# Y-27632 dihydrochloride (BioGems 1293823)
J Transl Med. 2023 Feb 22;21(1):138. doi: 10.1186/s12967-023-03992-0
Sheng Cui 1, Xianying Fang 1, Hanbi Lee 1 2, Yoo Jin Shin 1, Eun-Sil Koh 3, Sungjin Chung 3, Hoon Suk Park 4, Sun Woo Lim 1, Kang In Lee 5, Jae Young Lee 5, Chul Woo Yang 1 2, Byung Ha Chung 6 7
- PMID: 36814269
- PMCID: PMC9948377
- DOI: 10.1186/s12967-023-03992-0
Abstract
Objectives: To explore the possibility of kidney organoids generated using patient derived human induced pluripotent stem cells (hiPSC) for modeling of Fabry disease nephropathy (FDN).

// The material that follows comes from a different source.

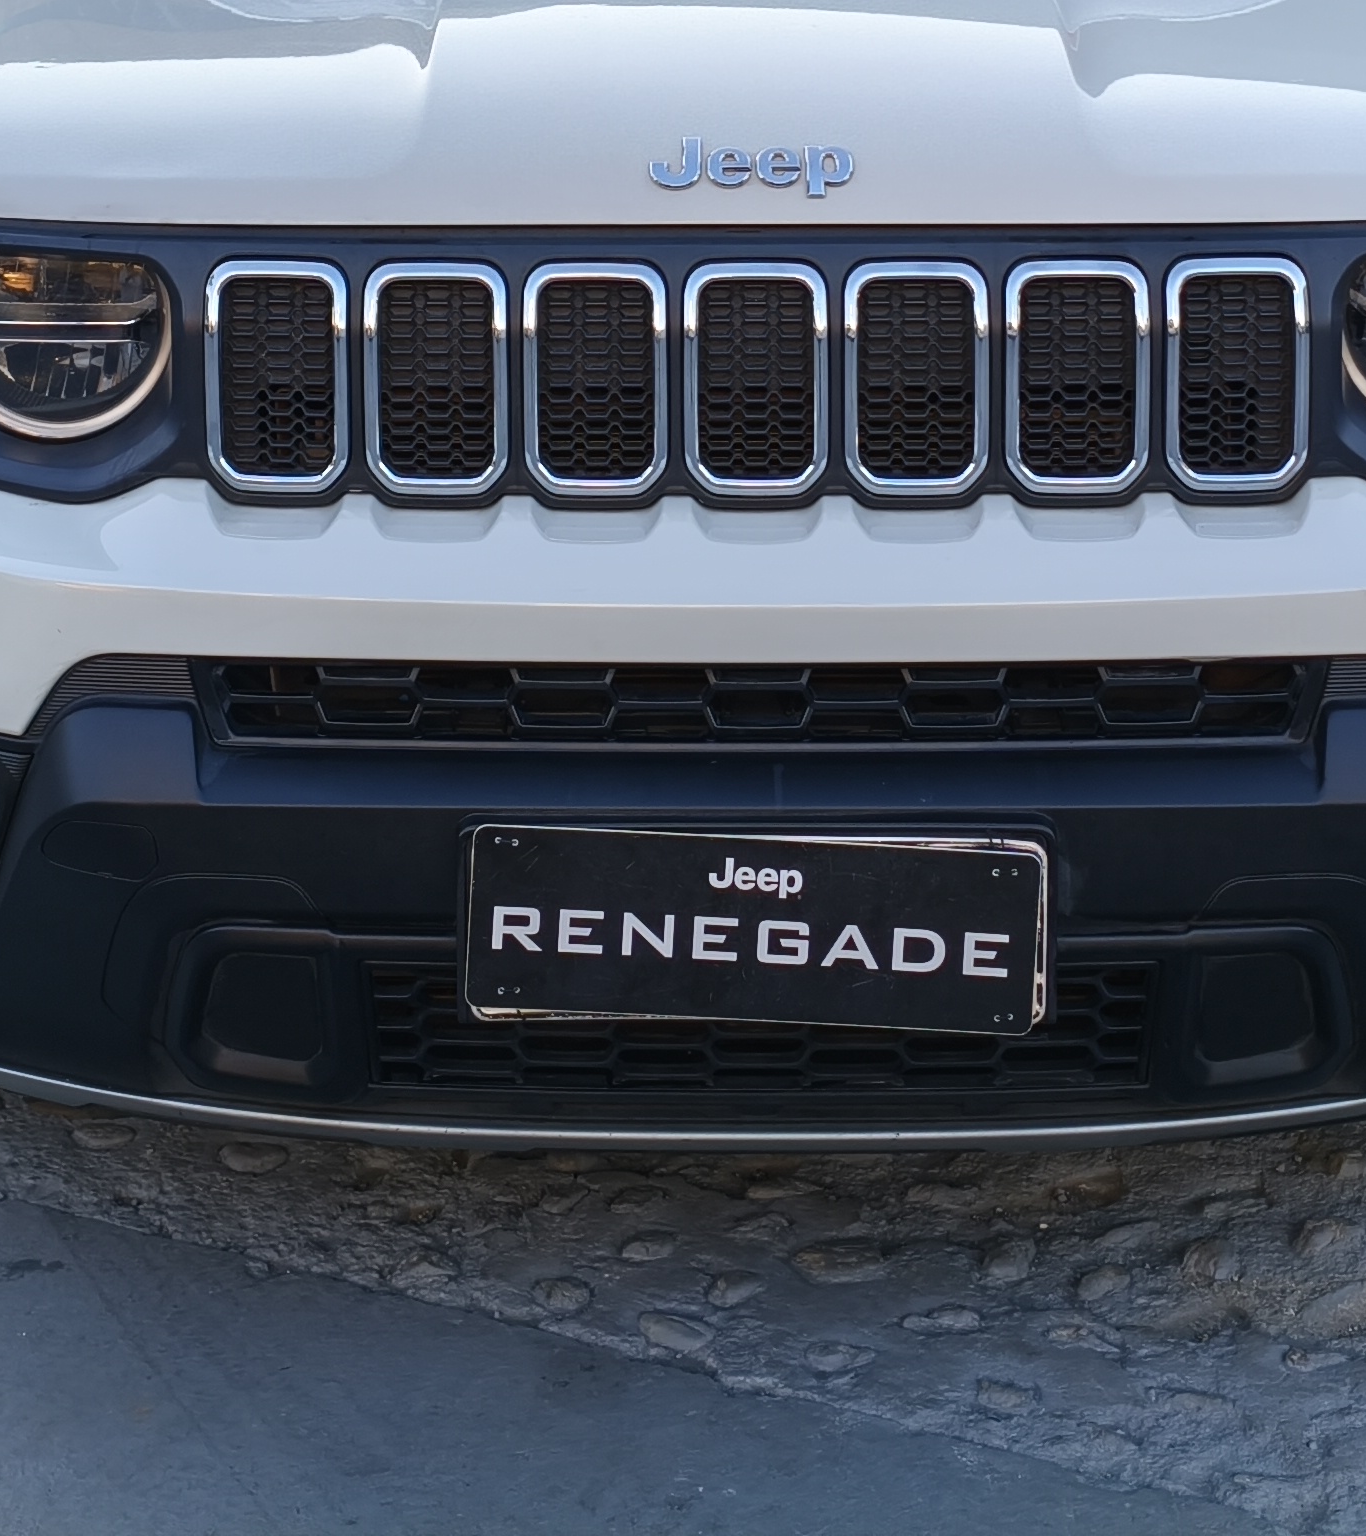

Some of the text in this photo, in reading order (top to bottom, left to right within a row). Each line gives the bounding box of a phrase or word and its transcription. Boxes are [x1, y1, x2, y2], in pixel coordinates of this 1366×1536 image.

[648, 136, 855, 199] Jeep
[708, 857, 803, 899] Jeep
[490, 905, 1011, 979] RENEGADE

Methods: First, we generated hiPSC line using peripheral blood mononuclear cells (PBMCs) from two male FD-patients with different types of GLA mutation: a classic type mutation (CMC-Fb-001) and a non-classic type (CMC-Fb-003) mutation. Second, we generated kidney organoids using wild-type (WT) hiPSC (WTC-11) and mutant hiPSCs (CMC-Fb-001 and CMC-Fb-003). We then compared alpha-galactosidase A (α-GalA) activity, deposition of globotriaosylceremide (Gb-3), and zebra body formation under electromicroscopy (EM).
Results: Both FD patients derived hiPSCs had the same mutations as those detected in PBMCs of patients, showing typical pluripotency markers, normal karyotyping, and successful tri-lineage differentiation. Kidney organoids generated using WT-hiPSC and both FD patients derived hiPSCs expressed typical nephron markers without structural deformity. Activity of α-GalA was decreased and deposition of Gb-3 was increased in FD patients derived hiPSCs and kidney organoids in comparison with WT, with such changes being far more significant in CMC-Fb-001 than in CMC-Fb-003. In EM finding, multi-lammelated inclusion body was detected in both CMC-Fb-001 and CMC-Fb-003 kidney organoids, but not in WT.
Conclusions: Kidney organoids generated using hiPSCs from male FD patients might recapitulate the disease phenotype and represent the severity of FD according to the GLA mutation type.